Larotrectinib has been approved for clinical use by the US Food and Drug Administration (FDA) [5] for the treatment of adult and paediatric patients with solid tumours that [5]:

  • Have an NTRK gene fusion without a known acquired resistance mutation,
  • Are metastatic or in which surgical resection is likely to cause severe morbidity, and
  • Have no satisfactory alternative treatments or that have progressed following treatment.

Larotectinib is the first therapy to receive a tumour-agnostic indication at the time of initial FDA approval in 2018 via a priority review pathway [5].

Larotrectinib is available as oral capsules or in a liquid formulation [5]. The recommended dose is based on body surface area (BSA):

  • 100 mg orally twice daily for adults and children with a BSA ≥1.0 m2.
  • 100 mg/m2 orally twice daily for paediatric patients with BSA <1.0 m2.
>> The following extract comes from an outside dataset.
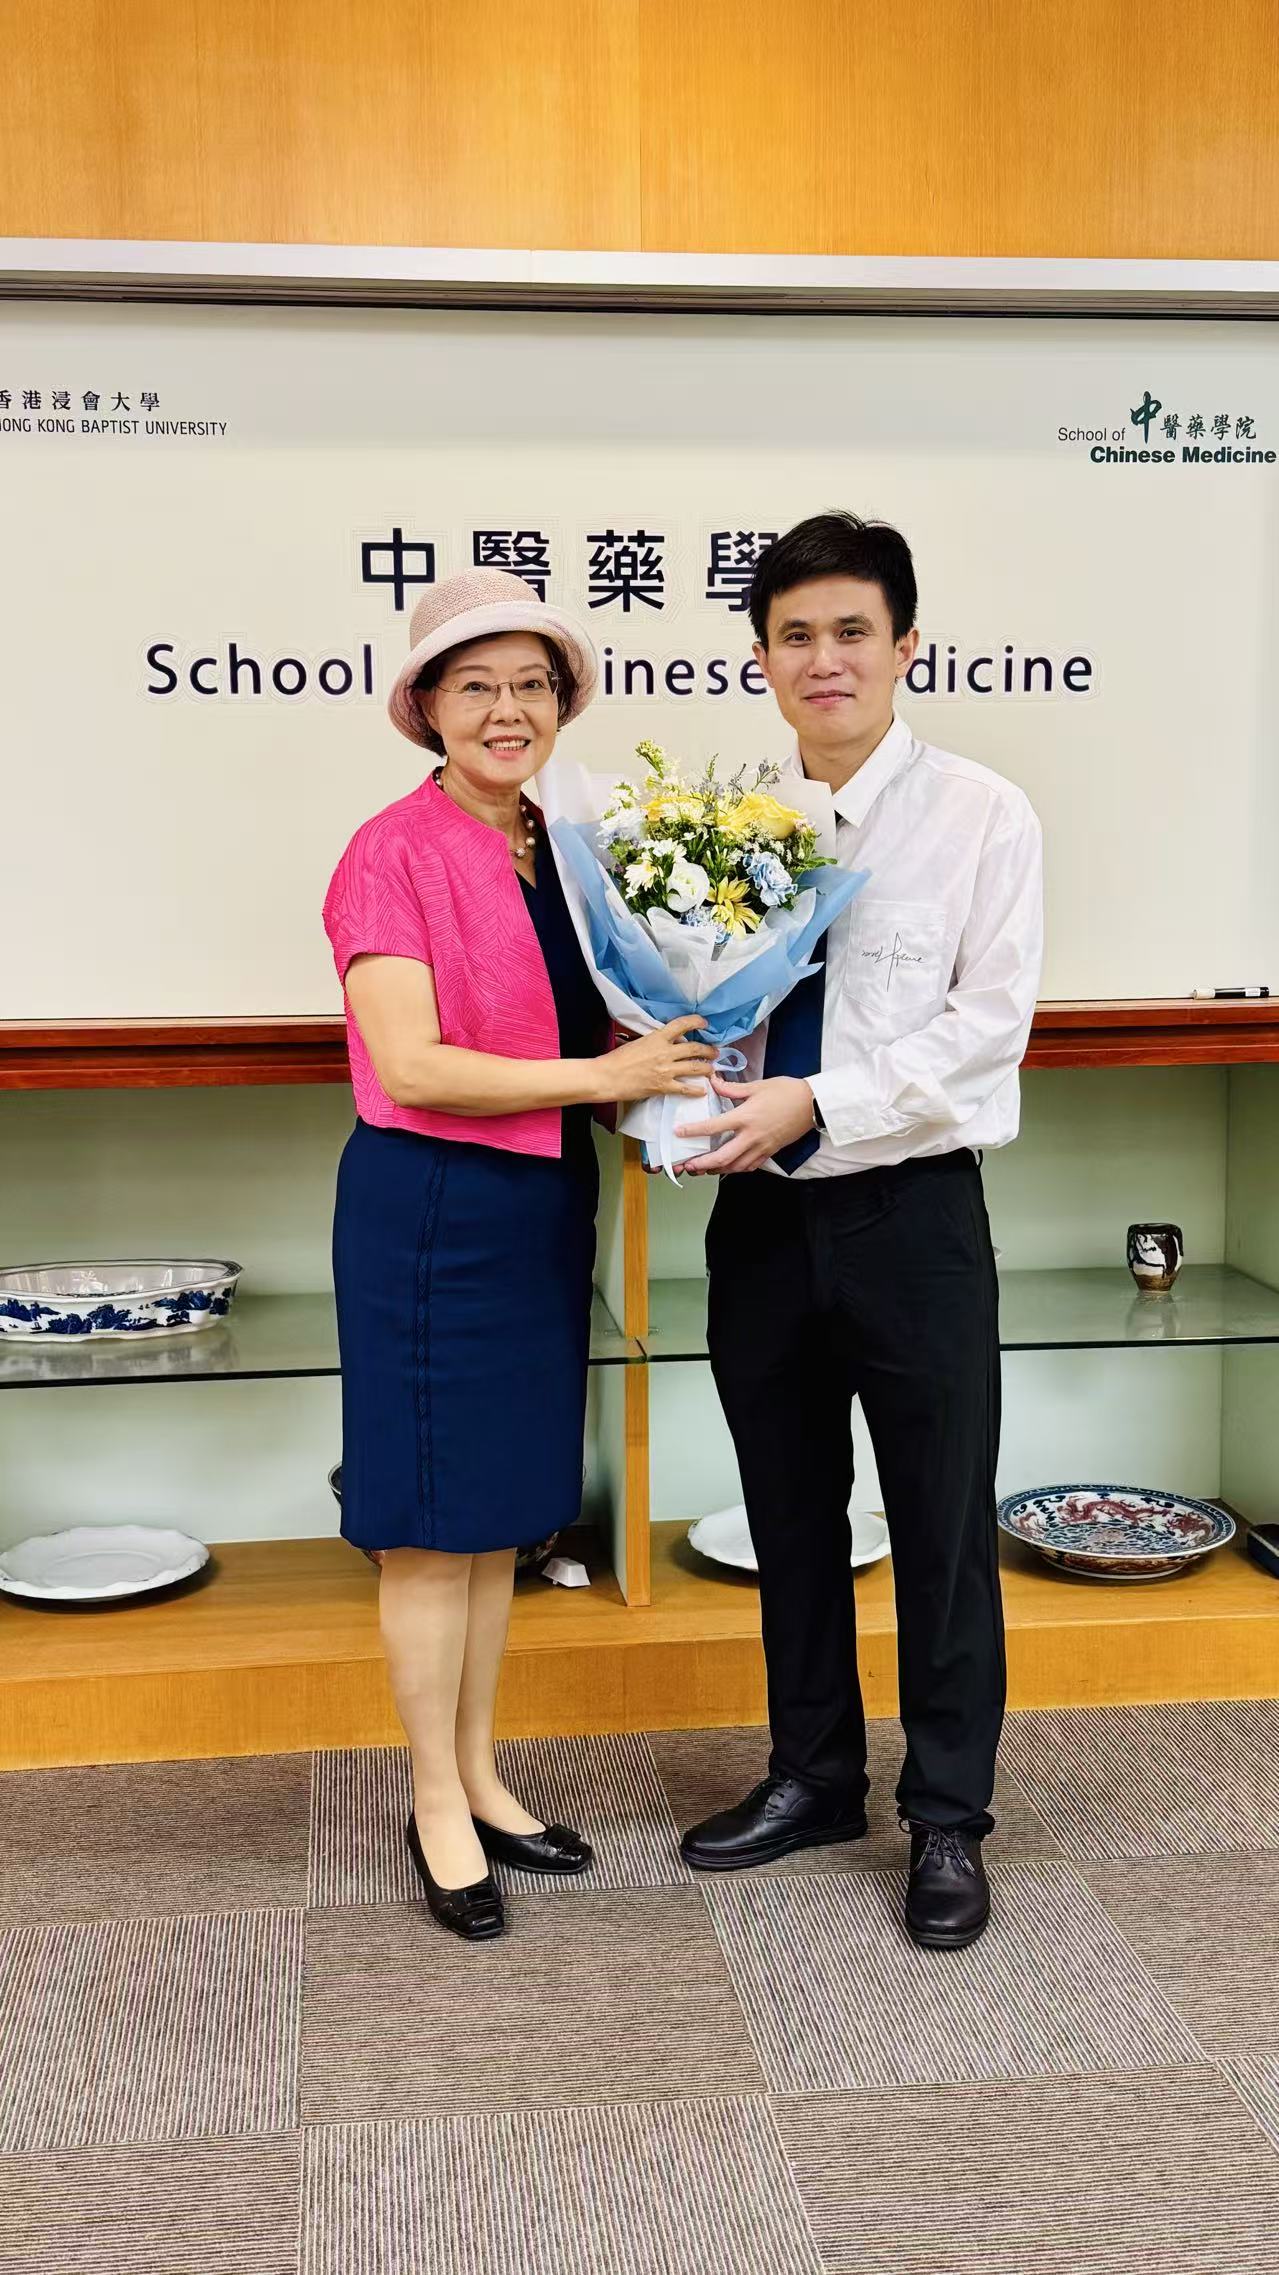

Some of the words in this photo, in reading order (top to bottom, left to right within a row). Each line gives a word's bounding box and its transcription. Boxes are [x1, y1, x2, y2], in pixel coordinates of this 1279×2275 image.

In addition, larotrectinib was granted orphan designation for the treatment of salivary gland cancer by the European Medicines Agency (EMA) in March 2018 [6]. A marketing application for larotrectinib was submitted subsequently to the EMA in August 2018 [7].

References

  1. Burris HA, Shaw AT, Bauer TM et al. Abstract 4529: Pharmacokinetics (PK) of LOXO-101 during the first-in-human Phase I study in patients with advanced solid tumors: Interim update. Cancer Research 2015; 75: 4529.
  2. Drilon A, Laetsch TW, Kummar S et al. Efficacy of Larotrectinib in TRK Fusion-Positive Cancers in Adults and Children. N Engl J Med 2018; 378: 731-739.
  3. Cocco E, Scaltriti M, Drilon A. NTRK fusion-positive cancers and TRK inhibitor therapy. Nat Rev Clin Oncol 2018; 15: 731-747.
  4. Laetsch TW, DuBois SG, Nagasubramanian R et al. A pediatric phase I study of larotrectinib, a highly selective inhibitor of the tropomyosin receptor kinase (TRK) family. Journal of Clinical Oncology 2017; 35: 10510-10510.
  5. Loxo Oncology. VITRAKVI® (larotrectinib) [prescribing information]. In. Stamford, CT: Loxo Oncology, Inc. 2018.
  6. European Medicines Agency. EU/3/18/1995. 2018.
  7. Loxo Oncology. Loxo Oncology Announces Submission of European Marketing Authorization Application for Larotrectinib. 2018.